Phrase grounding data
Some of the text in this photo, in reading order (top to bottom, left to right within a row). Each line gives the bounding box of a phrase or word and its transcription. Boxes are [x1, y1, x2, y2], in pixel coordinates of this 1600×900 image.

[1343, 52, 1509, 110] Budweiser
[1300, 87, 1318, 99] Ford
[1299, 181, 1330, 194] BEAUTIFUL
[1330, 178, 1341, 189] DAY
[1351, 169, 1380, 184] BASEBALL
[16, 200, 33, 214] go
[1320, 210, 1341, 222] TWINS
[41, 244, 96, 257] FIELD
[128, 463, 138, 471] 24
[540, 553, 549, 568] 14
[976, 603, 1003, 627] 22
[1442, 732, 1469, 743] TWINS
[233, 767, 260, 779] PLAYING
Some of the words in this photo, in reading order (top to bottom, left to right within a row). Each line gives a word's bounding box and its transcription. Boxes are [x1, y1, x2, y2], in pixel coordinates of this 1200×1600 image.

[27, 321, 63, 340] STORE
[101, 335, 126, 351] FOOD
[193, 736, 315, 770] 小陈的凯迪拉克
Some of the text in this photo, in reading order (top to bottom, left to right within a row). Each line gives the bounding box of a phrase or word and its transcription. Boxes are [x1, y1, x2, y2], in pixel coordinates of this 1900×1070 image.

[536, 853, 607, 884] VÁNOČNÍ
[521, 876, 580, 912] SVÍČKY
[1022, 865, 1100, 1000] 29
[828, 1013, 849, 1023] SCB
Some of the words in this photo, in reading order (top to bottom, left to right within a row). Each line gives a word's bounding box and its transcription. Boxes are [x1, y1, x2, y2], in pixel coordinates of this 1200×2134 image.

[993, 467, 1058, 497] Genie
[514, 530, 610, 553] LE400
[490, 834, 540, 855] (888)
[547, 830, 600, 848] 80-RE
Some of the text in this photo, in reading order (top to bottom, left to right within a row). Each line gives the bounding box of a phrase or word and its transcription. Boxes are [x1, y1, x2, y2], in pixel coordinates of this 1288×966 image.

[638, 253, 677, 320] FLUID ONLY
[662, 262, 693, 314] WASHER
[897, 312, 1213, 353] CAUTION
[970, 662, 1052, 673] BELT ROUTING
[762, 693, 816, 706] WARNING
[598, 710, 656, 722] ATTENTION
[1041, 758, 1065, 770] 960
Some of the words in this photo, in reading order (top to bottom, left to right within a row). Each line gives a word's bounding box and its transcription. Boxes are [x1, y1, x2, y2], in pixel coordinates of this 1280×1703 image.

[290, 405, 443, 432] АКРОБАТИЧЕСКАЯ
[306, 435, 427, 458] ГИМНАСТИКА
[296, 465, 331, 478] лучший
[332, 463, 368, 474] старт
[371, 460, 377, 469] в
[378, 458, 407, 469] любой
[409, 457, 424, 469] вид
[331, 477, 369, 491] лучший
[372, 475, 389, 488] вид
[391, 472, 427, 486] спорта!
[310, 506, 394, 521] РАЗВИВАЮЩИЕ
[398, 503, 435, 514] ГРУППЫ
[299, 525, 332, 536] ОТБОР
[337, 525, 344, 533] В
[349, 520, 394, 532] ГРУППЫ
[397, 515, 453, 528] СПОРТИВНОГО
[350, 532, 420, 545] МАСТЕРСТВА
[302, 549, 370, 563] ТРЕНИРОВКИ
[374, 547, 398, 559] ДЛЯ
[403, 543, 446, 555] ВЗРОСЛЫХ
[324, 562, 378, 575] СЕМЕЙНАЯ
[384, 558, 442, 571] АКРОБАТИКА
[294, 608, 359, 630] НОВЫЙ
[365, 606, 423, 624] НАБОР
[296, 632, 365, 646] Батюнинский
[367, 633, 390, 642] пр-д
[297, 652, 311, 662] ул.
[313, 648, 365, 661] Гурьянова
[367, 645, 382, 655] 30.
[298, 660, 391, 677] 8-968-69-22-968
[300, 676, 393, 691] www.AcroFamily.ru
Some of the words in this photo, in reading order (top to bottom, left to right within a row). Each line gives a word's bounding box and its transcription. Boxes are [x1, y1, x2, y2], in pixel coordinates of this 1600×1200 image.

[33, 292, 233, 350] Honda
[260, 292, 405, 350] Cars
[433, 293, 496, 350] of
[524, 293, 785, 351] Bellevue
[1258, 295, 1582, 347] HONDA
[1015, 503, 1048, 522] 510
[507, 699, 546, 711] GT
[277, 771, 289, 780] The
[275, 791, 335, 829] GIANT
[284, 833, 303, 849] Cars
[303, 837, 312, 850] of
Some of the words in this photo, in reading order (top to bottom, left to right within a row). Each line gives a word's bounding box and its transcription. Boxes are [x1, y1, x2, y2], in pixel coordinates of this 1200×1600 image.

» **Brief**:
The records above are to be duplicated in full and exactly.

» **Solution to the exercise**:
Some of the text in this photo, in reading order (top to bottom, left to right within a row). Each line gives the bounding box of a phrase or word and its transcription. Boxes are [x1, y1, x2, y2], in pixel coordinates of this 1600×900 image.

[1343, 52, 1509, 110] Budweiser
[1300, 87, 1318, 99] Ford
[1299, 181, 1330, 194] BEAUTIFUL
[1330, 178, 1341, 189] DAY
[1351, 169, 1380, 184] BASEBALL
[16, 200, 33, 214] go
[1320, 210, 1341, 222] TWINS
[41, 244, 96, 257] FIELD
[128, 463, 138, 471] 24
[540, 553, 549, 568] 14
[976, 603, 1003, 627] 22
[1442, 732, 1469, 743] TWINS
[233, 767, 260, 779] PLAYING
Some of the words in this photo, in reading order (top to bottom, left to right within a row). Each line gives a word's bounding box and its transcription. Boxes are [x1, y1, x2, y2], in pixel coordinates of this 1200×1600 image.

[27, 321, 63, 340] STORE
[101, 335, 126, 351] FOOD
[193, 736, 315, 770] 小陈的凯迪拉克
Some of the text in this photo, in reading order (top to bottom, left to right within a row). Each line gives the bounding box of a phrase or word and its transcription. Boxes are [x1, y1, x2, y2], in pixel coordinates of this 1900×1070 image.

[536, 853, 607, 884] VÁNOČNÍ
[521, 876, 580, 912] SVÍČKY
[1022, 865, 1100, 1000] 29
[828, 1013, 849, 1023] SCB
Some of the words in this photo, in reading order (top to bottom, left to right within a row). Each line gives a word's bounding box and its transcription. Boxes are [x1, y1, x2, y2], in pixel coordinates of this 1200×2134 image.

[993, 467, 1058, 497] Genie
[514, 530, 610, 553] LE400
[490, 834, 540, 855] (888)
[547, 830, 600, 848] 80-RE
Some of the text in this photo, in reading order (top to bottom, left to right within a row). Each line gives the bounding box of a phrase or word and its transcription. Boxes are [x1, y1, x2, y2], in pixel coordinates of this 1288×966 image.

[638, 253, 677, 320] FLUID ONLY
[662, 262, 693, 314] WASHER
[897, 312, 1213, 353] CAUTION
[970, 662, 1052, 673] BELT ROUTING
[762, 693, 816, 706] WARNING
[598, 710, 656, 722] ATTENTION
[1041, 758, 1065, 770] 960
Some of the words in this photo, in reading order (top to bottom, left to right within a row). Each line gives a word's bounding box and its transcription. Boxes are [x1, y1, x2, y2], in pixel coordinates of this 1280×1703 image.

[290, 405, 443, 432] АКРОБАТИЧЕСКАЯ
[306, 435, 427, 458] ГИМНАСТИКА
[296, 465, 331, 478] лучший
[332, 463, 368, 474] старт
[371, 460, 377, 469] в
[378, 458, 407, 469] любой
[409, 457, 424, 469] вид
[331, 477, 369, 491] лучший
[372, 475, 389, 488] вид
[391, 472, 427, 486] спорта!
[310, 506, 394, 521] РАЗВИВАЮЩИЕ
[398, 503, 435, 514] ГРУППЫ
[299, 525, 332, 536] ОТБОР
[337, 525, 344, 533] В
[349, 520, 394, 532] ГРУППЫ
[397, 515, 453, 528] СПОРТИВНОГО
[350, 532, 420, 545] МАСТЕРСТВА
[302, 549, 370, 563] ТРЕНИРОВКИ
[374, 547, 398, 559] ДЛЯ
[403, 543, 446, 555] ВЗРОСЛЫХ
[324, 562, 378, 575] СЕМЕЙНАЯ
[384, 558, 442, 571] АКРОБАТИКА
[294, 608, 359, 630] НОВЫЙ
[365, 606, 423, 624] НАБОР
[296, 632, 365, 646] Батюнинский
[367, 633, 390, 642] пр-д
[297, 652, 311, 662] ул.
[313, 648, 365, 661] Гурьянова
[367, 645, 382, 655] 30.
[298, 660, 391, 677] 8-968-69-22-968
[300, 676, 393, 691] www.AcroFamily.ru
Some of the words in this photo, in reading order (top to bottom, left to right within a row). Each line gives a word's bounding box and its transcription. Boxes are [x1, y1, x2, y2], in pixel coordinates of this 1600×1200 image.

[33, 292, 233, 350] Honda
[260, 292, 405, 350] Cars
[433, 293, 496, 350] of
[524, 293, 785, 351] Bellevue
[1258, 295, 1582, 347] HONDA
[1015, 503, 1048, 522] 510
[507, 699, 546, 711] GT
[277, 771, 289, 780] The
[275, 791, 335, 829] GIANT
[284, 833, 303, 849] Cars
[303, 837, 312, 850] of
Some of the words in this photo, in reading order (top to bottom, left to right within a row). Each line gives a word's bounding box and its transcription. Boxes are [x1, y1, x2, y2], in pixel coordinates of this 1200×1600 image.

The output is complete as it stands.